What to do: Without copying any picture, return all lines below exactly.

━━━ Dataset excerpts

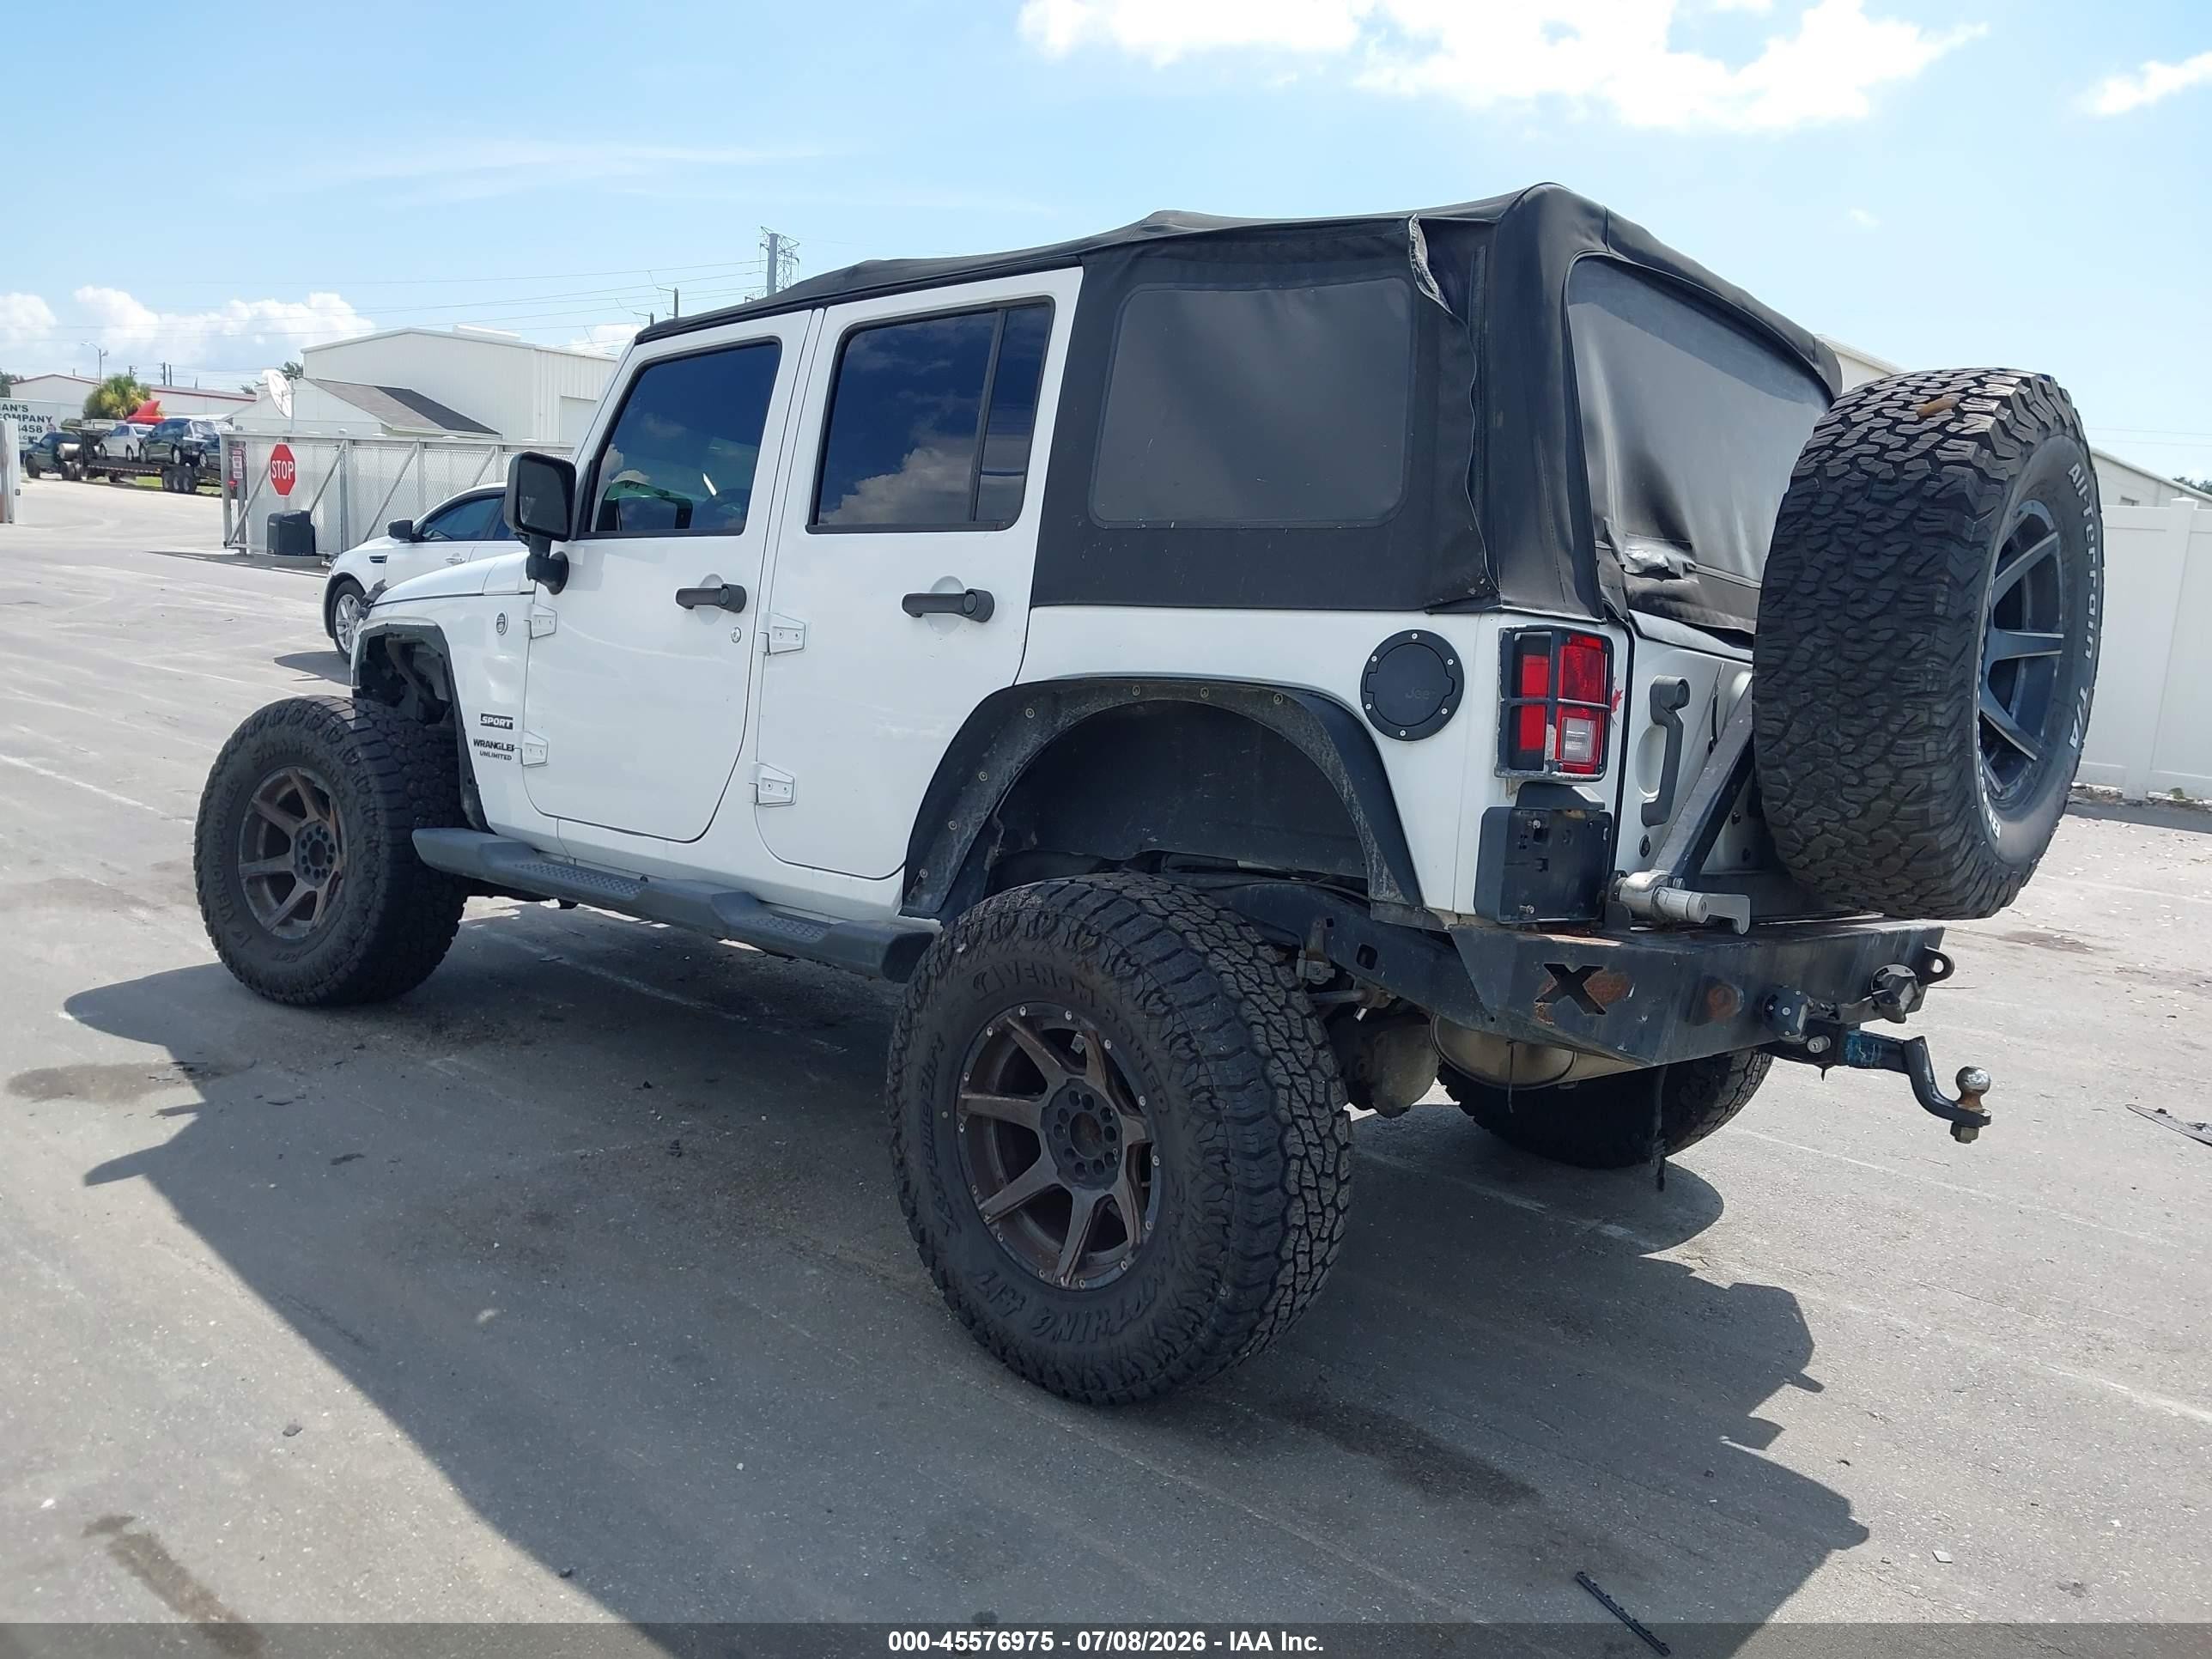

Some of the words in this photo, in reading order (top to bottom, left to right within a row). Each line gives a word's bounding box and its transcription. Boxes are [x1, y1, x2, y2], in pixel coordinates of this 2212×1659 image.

[0, 404, 28, 412] AN'S
[0, 413, 52, 423] OMPANY
[18, 424, 42, 434] 458
[271, 460, 295, 479] STOP
[2068, 463, 2097, 659] All-Terrain
[481, 714, 514, 729] SPORT
[2069, 687, 2090, 749] T/A
[479, 750, 513, 761] UNLIMITED

━━━━━━

Reply to the exercise:
Some of the words in this photo, in reading order (top to bottom, left to right within a row). Each line gives a word's bounding box and its transcription. Boxes are [x1, y1, x2, y2], in pixel coordinates of this 2212×1659 image.

[0, 404, 28, 412] AN'S
[0, 413, 52, 423] OMPANY
[18, 424, 42, 434] 458
[271, 460, 295, 479] STOP
[2068, 463, 2097, 659] All-Terrain
[481, 714, 514, 729] SPORT
[2069, 687, 2090, 749] T/A
[479, 750, 513, 761] UNLIMITED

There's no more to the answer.